Гунхильда улыбнулась, представив эту «беседу с богом».
– Я знаю короткую дорогу к богам, – добавил Кетиль, и под взглядом его блекло-серых глаз, один из которых был полуприкрыт, ее пробрала дрожь.
Кривой, как Один, хромой, как ездовой козел Тора, весь собранный из лоскутов, обрезков и кусочков, Кетиль Заплатка определенно был не обычным существом, а стоящим на грани и ходящим за грань. И его непринужденные отношения с любыми богами служили тому подтверждением.
– Найди этого человека, – снова попросила Гунхильда. – Я здесь одна, и меня ждут ужасные беды, это почти неизбежно. Нужно найти хотя бы того врага, с которым я смогу справиться.
– Так я прямо сегодня и пойду, – кивнул Кетиль.
Не было смысла просить его быть осторожным. Ни одна крыса не могла бы быть более осторожной, чуткой, внимательной и безжалостной к тому, в ком заметит опасность.
***
Когда красивая молодая пара – парень и девушка – сошли с купеческого корабля на причал вика Бьёрко в Корсхамне – Крестовой гавани, – мало кто мог бы догадаться, что это будущий конунг Южного Йотланда и его нареченная невеста. На них была простая некрашеная одежда, и лишь уверенный и гордый вид выделял этих двоих из толпы простонародья, сновавшего по своим делам на пристанях вика.

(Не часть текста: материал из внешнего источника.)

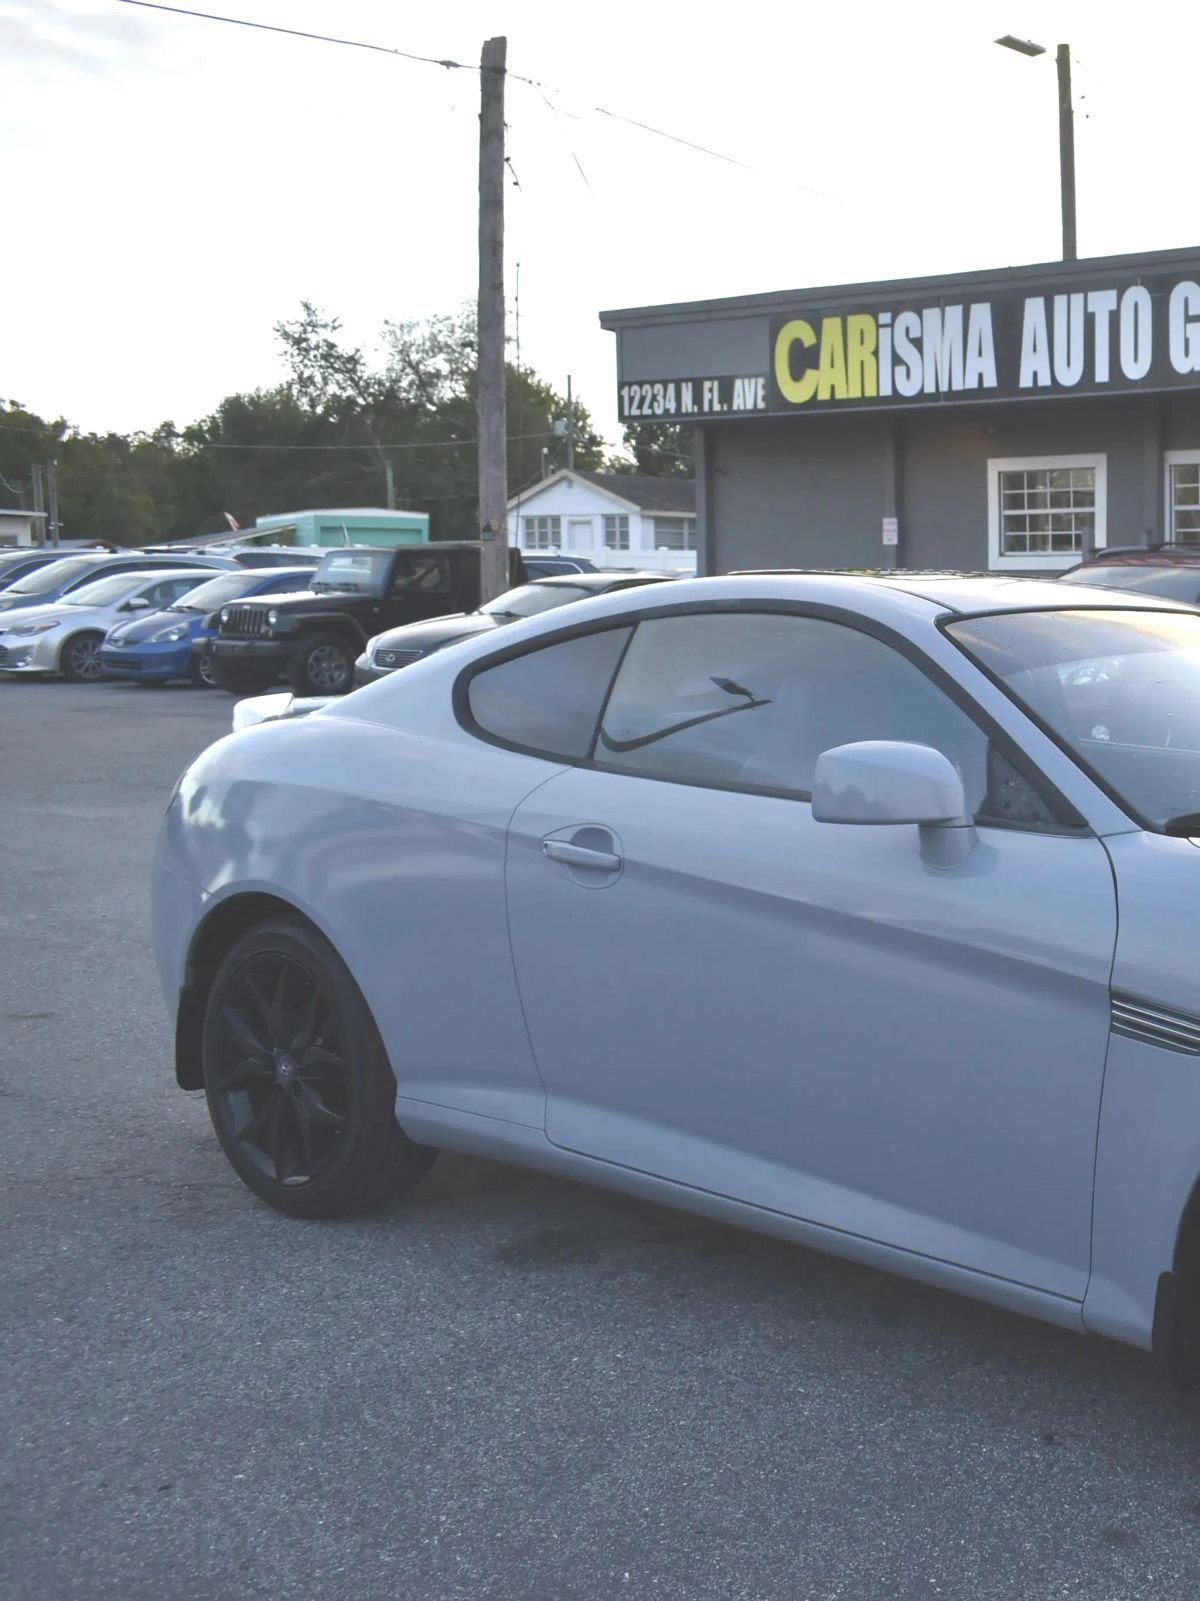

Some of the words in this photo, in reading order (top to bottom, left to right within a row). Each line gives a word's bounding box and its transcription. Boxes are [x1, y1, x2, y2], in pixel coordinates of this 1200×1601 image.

[1018, 285, 1153, 388] AUTO
[620, 382, 677, 416] 12234
[681, 381, 699, 413] N.
[703, 380, 728, 412] FL.
[732, 377, 766, 411] AVE
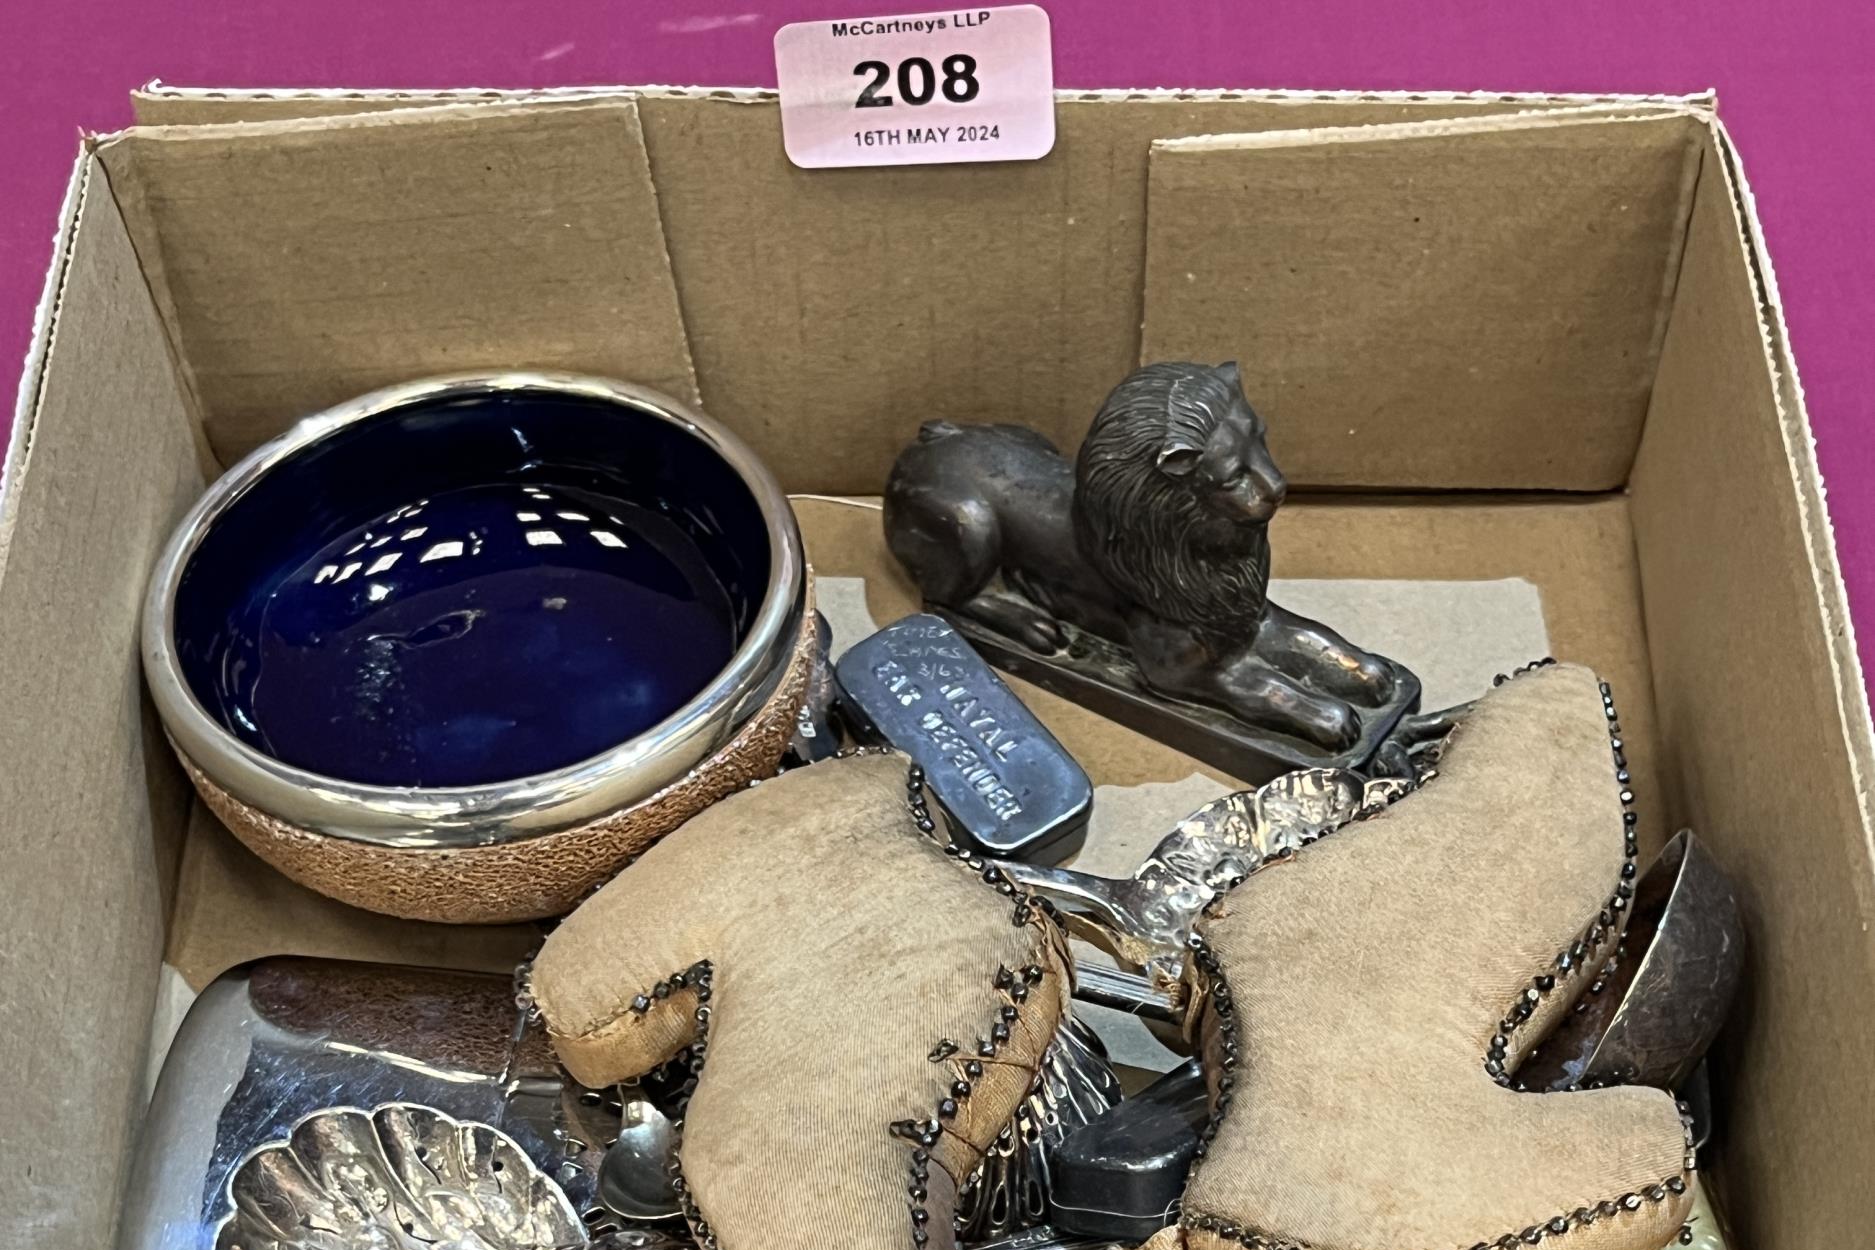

Эймунд сын Сигтрюгга уже не раз бывал в вике Бьёрко на берегу озера Лёг, в самом сердце земли свеев. Зато для Ингер это было первое большое путешествие в чужие земли, и она с большим любопытством осматривала все, что открывалось по мере приближения к цели: множество мысов и островов на озере Лёг, в которое корабль вошел из моря, королевскую усадьбу на ближнем острове Адельсе, священную скалу под названием Борг, видную еще с моря и господствующую над поселением Бьёрко, две гавани примерно в тысяче шагов от нее – Куггхамн и Корсхамн, Корабельную и Крестовую. Эймунд сказал, что по преданию, в эту гавань епископ Ансгар сто лет назад бросил крест, но подробности обещал в другой раз. Еще на подходе было тесно от кораблей, что стремились к причалам из заполненных камнем срубов. В детстве Ингер какое-то время прожила в вике Рибе на западном побережье Йотланда, но, в отличие от Гунхильды дочери Олава, своей будущей невестки и золовки одновременно, плохо знала быт торговых поселений. Поэтому у нее разбегались глаза от всего увиденного. Множество кораблей подходило к причалам и уходило в море или в озеро, вглубь земли свеев, стояло на погрузке и разгрузке, лежало на берегу для починки – не считая тех, что были упрятаны в корабельные сараи. Она даже растерялась, чуть ли не впервые в жизни, и крепче ухватилась за руку своего жениха. Ей было так странно вдруг оказаться в большой, шумной толпе, где каждый был занят своим делом, а на нее никто не обращал внимания! Ингер дочь Горма привыкла быть на виду, привыкла, что перед нею все расступаются и на нее устремлены все взоры – но тут ни один человек не знал, кто эта рослая, красивая девушка с вьющимися светлыми волосами, и не думал даже выражать почтение.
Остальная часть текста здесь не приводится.